# Series/Parallel grid cell design w BMS



## dcb (Dec 5, 2009)

paralleling everything at the cell level seems to be the norm. In fact life would be MUCH simpler if you made 1s24p modules, then put 32 of those in series with a bms tap between each.

just make sure they are all the same voltage before you parallel them.


----------



## rubbaducky3 (Oct 17, 2015)

Thanks for the quick response! 

This would be the easiest! The thing is the steel trays to hold them and the sub assemblies are assembled to hold 64 cells and 24 wont evenly divide into that. so it would mean some of the parallel connections would need to be made across different modules which is a real hassle.

It wasn't a complete ground up build for us otherwise this would have been the design from the beginning.
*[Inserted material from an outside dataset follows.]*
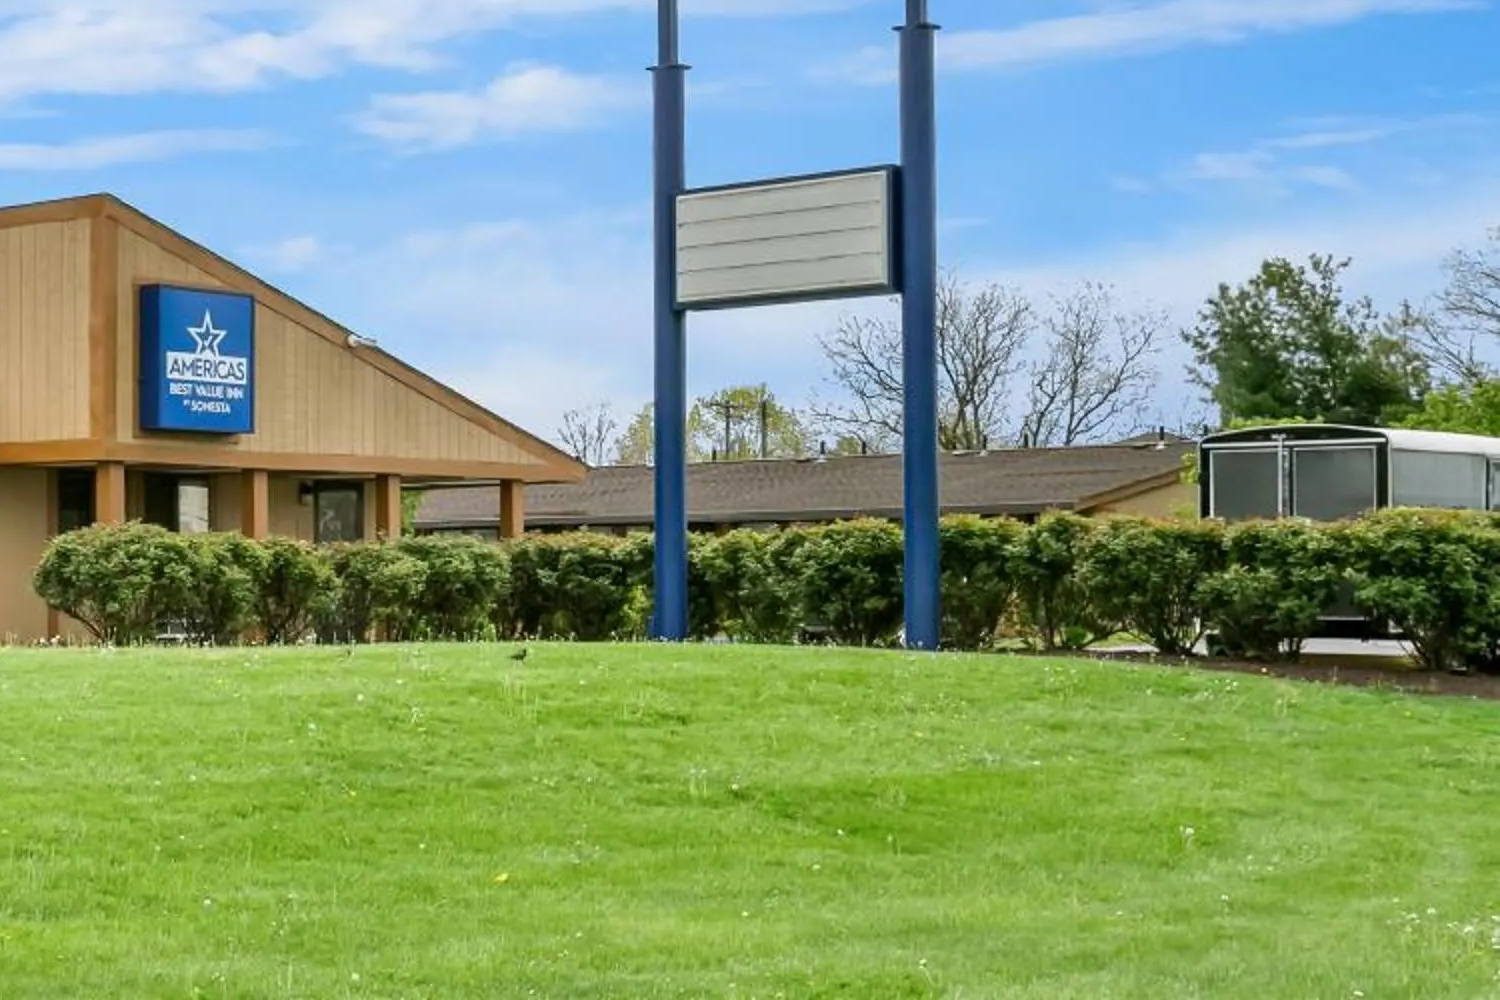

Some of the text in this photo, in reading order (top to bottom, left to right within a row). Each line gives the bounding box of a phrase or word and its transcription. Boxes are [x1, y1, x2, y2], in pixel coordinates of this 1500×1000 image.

[169, 357, 245, 380] AMERICAS
[169, 382, 244, 400] BEST VALUE INN
[191, 400, 231, 413] SONESTA
The club in the past I believe was going for a higher voltage motor and we had to modify the design for the lower voltage DC.


----------



## dcb (Dec 5, 2009)

maybe 21P per module then? pack 3 per tray in series, 21p36S?
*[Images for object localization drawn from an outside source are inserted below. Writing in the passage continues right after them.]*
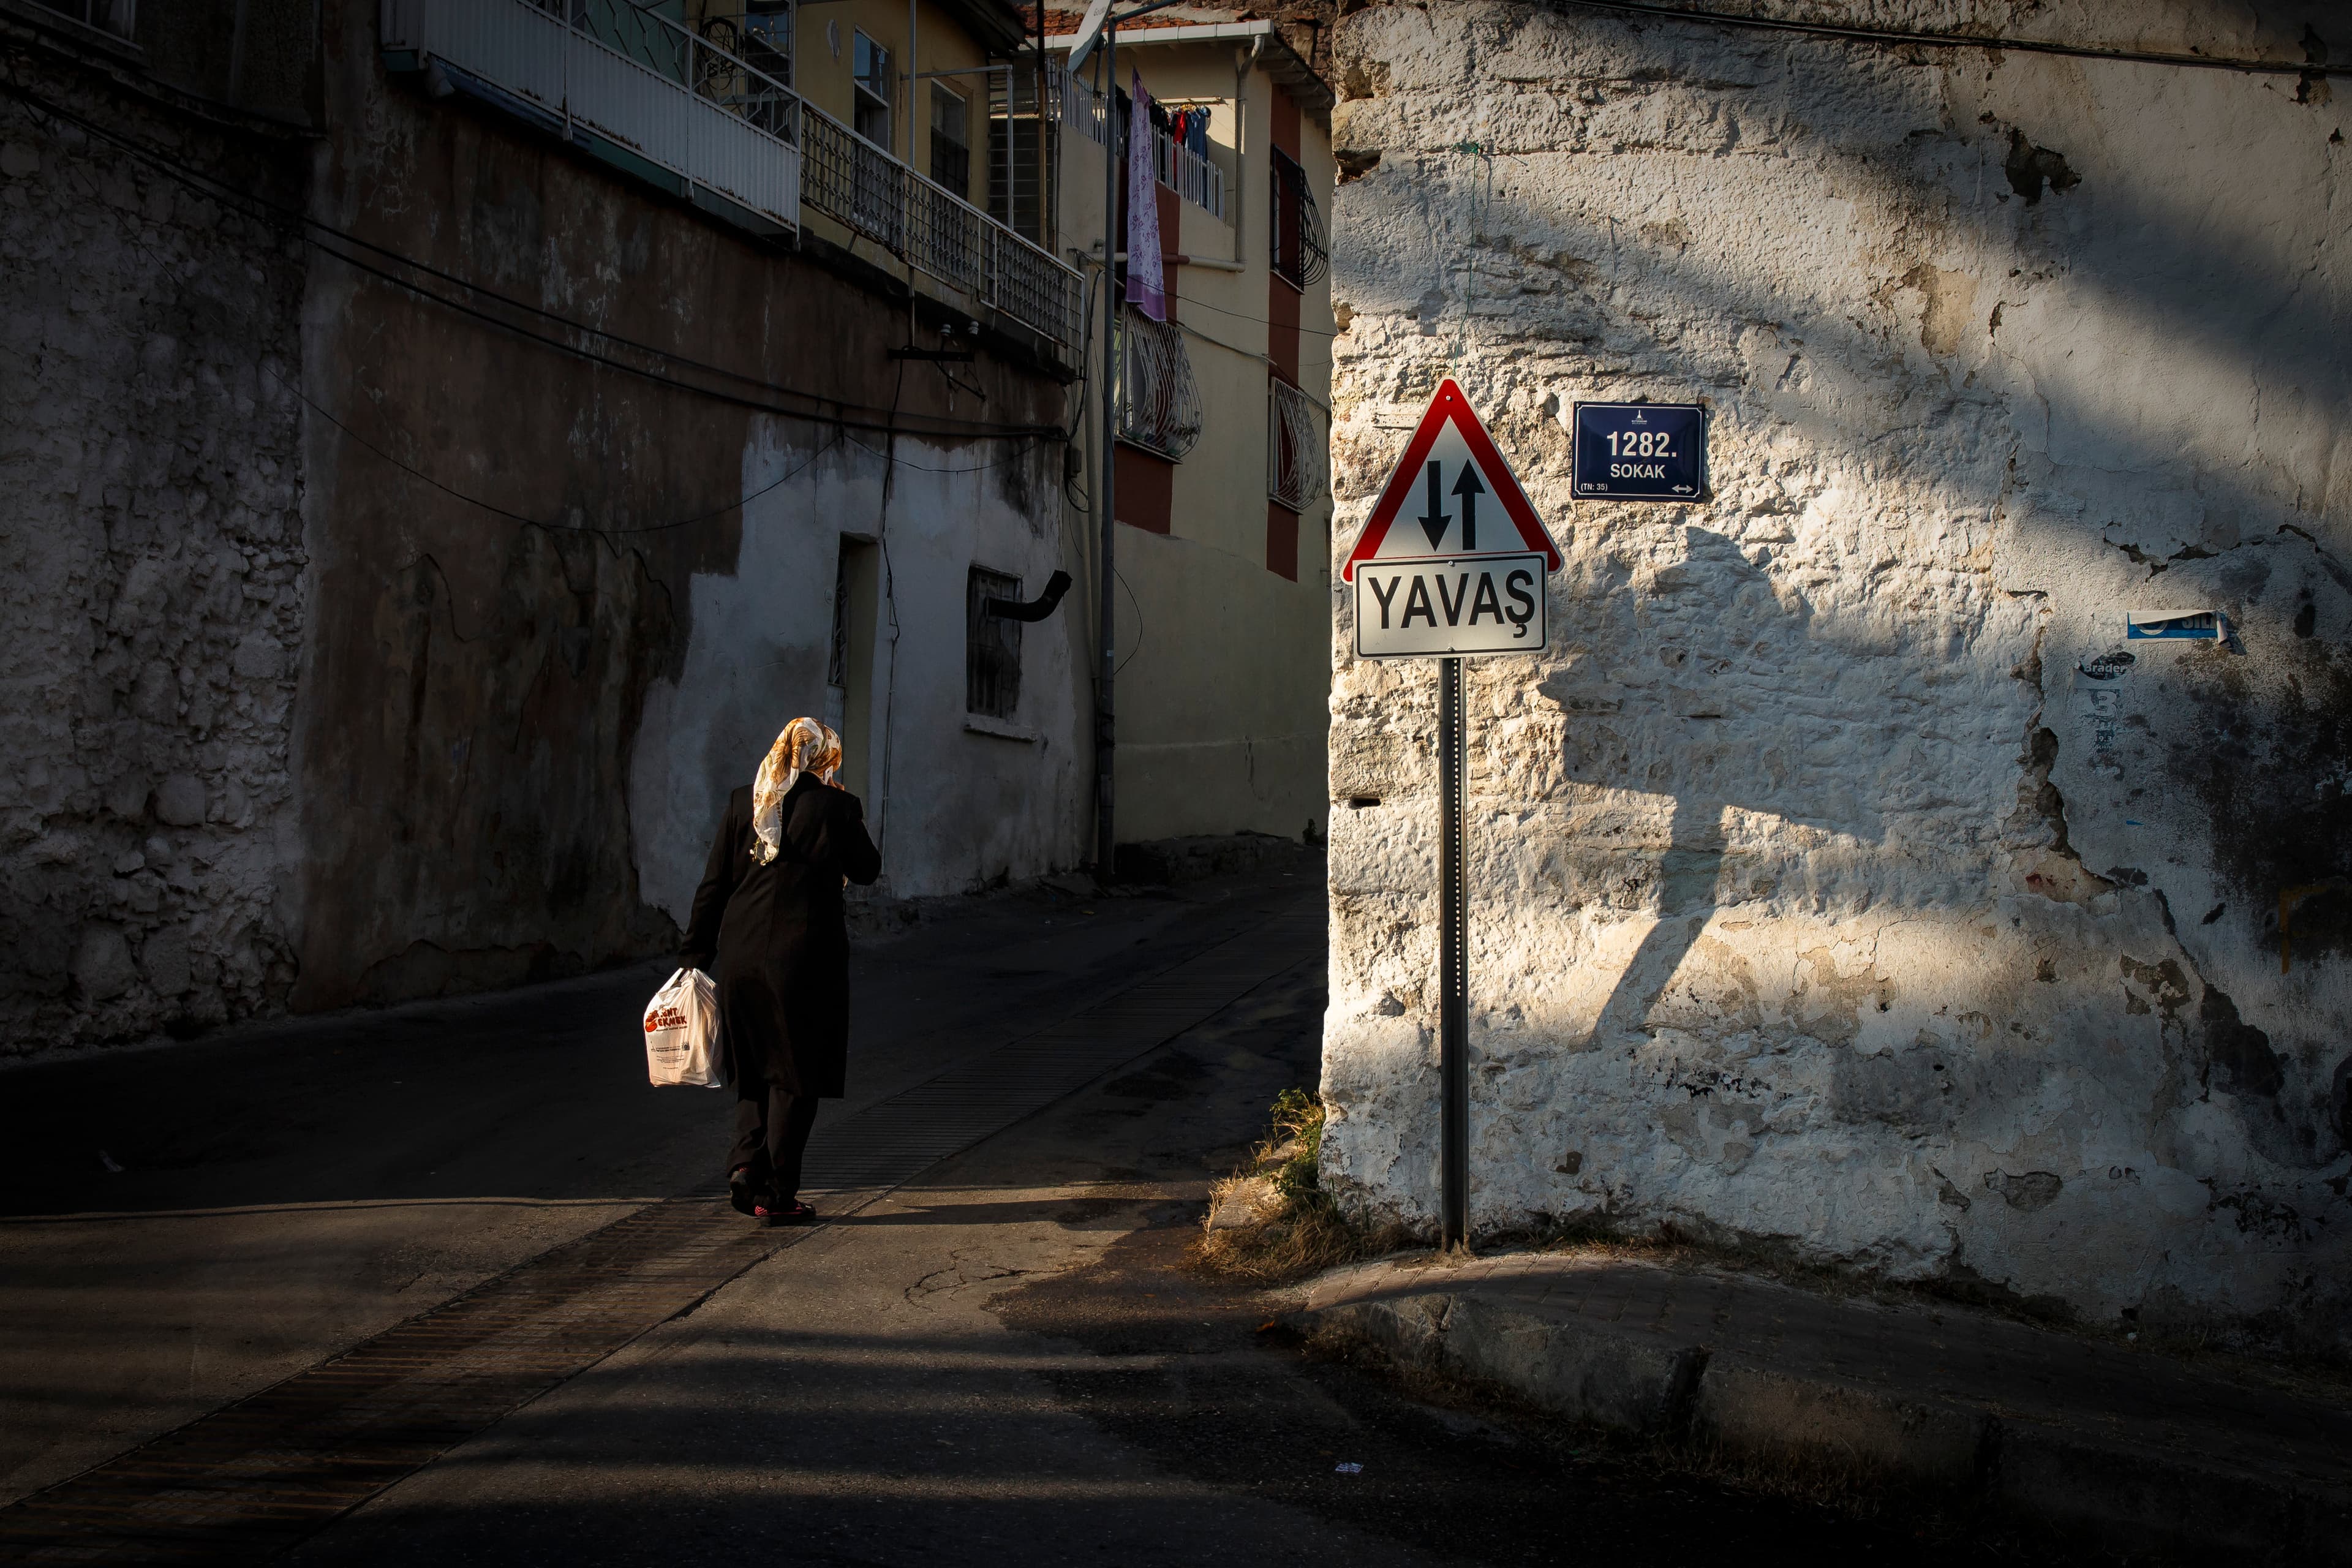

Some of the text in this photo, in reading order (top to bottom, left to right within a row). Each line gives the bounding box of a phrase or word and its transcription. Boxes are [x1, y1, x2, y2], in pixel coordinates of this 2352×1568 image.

[1606, 431, 1677, 458] 1282.
[1610, 464, 1665, 479] SOKAK
[1580, 483, 1608, 492] (TN: 35)
[1368, 569, 1534, 638] YAVAŞ
[658, 1015, 687, 1027] EKMEK
how did you arrive at 24p anyway?


----------



## rubbaducky3 (Oct 17, 2015)

So the batteries were originally donated and put together with fiberglass boards with cut outs for the tabs. There are 8 together and are held together by a copper bus bar that is screwed into standoffs in the fiberglass. There are then another 8 the opposite polarity and a copper bar connects them. 4 of these cubes are in a module. This was just how we got them so rearranging means remaking all the boards which is possible but work and money. So the quick fix was to stack the module's if possible.


----------



## rubbaducky3 (Oct 17, 2015)

So is the consensus then not to assemble the modules like in the stack picture?

We could try to do the 21p36s the only thing is then is we have to remake the boards, we'd have to check with the converter/charger (which we might have to change) that we could operate at the higher voltage, and that the BMS connections could handle being made across the bus that would be linking two modules.


----------



## dcb (Dec 5, 2009)

Part of the problem is who knows if those batteries are any good, or if they are suitable for a warp 9. What sort of tests/spot checks have you performed on them?


----------



## rubbaducky3 (Oct 17, 2015)

So the cells actually came donated from the company, one of the members parents actually works there now. They have also never been used the've been kept at nominal voltage. We've checked all of the packs to make sure they still hover around 3.7 and have done some charge/discharge tests on a number of the packs with a balance charger.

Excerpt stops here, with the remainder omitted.